Understanding why leukemia so reliably outsmarts the immune system is one of oncology's most consequential puzzles — and a comprehensive new review in Frontiers in Immunology zeroes in on a critical culprit: regulatory T cells (Tregs) that cancer cells effectively conscript to suppress anti-tumor immunity. This immunological subversion may explain why even sophisticated cellular therapies sometimes fall short.

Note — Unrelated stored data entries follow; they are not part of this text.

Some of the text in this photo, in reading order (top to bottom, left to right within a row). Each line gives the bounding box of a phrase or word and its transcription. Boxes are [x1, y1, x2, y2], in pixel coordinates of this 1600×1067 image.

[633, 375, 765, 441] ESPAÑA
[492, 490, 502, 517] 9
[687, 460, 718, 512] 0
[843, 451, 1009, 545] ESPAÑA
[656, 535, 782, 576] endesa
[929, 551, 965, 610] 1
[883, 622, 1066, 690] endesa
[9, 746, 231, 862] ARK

The review systematically maps Treg behavior across four distinct leukemia types — AML, ALL, CML, and CLL — revealing that the bone marrow microenvironment functions as an immunosuppressive fortress actively maintained by leukemic blasts. Three molecular axes emerge as central to this suppression: the CCL22/CCR4 chemokine signaling pathway that recruits Tregs to tumor sites; the CD39/CD73 adenosine cascade that metabolically disables effector immune cells; and IDO-mediated tryptophan depletion that starves immune responses of an essential amino acid. The review also highlights a clinically inconvenient finding — Treg infiltration carries contradictory prognostic significance depending on leukemia subtype, complicating any universal therapeutic approach. On the treatment side, Treg-depleting antibodies such as mogamulizumab and RG6292 are assessed alongside venetoclax, hypomethylating agents, and tyrosine kinase inhibitors that incidentally reshape the Treg landscape.

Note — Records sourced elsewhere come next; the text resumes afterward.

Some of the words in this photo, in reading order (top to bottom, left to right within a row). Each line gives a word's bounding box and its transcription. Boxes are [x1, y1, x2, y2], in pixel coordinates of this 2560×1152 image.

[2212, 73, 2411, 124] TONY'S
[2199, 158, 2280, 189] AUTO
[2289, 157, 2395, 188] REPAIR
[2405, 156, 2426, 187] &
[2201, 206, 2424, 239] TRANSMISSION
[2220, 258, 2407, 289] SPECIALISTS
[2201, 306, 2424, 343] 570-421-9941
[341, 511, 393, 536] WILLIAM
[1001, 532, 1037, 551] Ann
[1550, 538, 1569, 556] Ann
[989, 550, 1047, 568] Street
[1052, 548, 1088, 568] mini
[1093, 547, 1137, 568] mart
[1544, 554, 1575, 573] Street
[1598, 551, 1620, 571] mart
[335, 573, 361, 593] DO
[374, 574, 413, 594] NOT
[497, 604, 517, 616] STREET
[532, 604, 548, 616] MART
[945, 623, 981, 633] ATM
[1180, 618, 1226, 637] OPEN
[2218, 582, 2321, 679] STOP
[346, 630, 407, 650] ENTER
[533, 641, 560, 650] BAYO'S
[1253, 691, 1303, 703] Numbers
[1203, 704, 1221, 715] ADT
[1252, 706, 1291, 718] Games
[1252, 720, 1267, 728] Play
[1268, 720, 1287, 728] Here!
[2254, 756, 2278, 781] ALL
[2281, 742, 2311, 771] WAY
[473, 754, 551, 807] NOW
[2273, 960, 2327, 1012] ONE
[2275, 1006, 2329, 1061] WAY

This work consolidates a rapidly evolving literature into an analytically useful framework, though as a narrative review it carries the inherent limitations of selective source inclusion and absence of meta-analytic rigor. The finding that CAR-T and other cellular therapies face active Treg-mediated resistance within the tumor microenvironment is particularly important — it suggests that combination strategies pairing cellular therapy with Treg modulation may be necessary rather than optional. For the broader immunotherapy field, this review reinforces an emerging consensus: durable leukemia remission likely requires reengineering the immunosuppressive niche, not just targeting the malignant clone itself. Incrementally confirmatory in its mechanistic sections, it is clinically forward-looking in its therapeutic framing.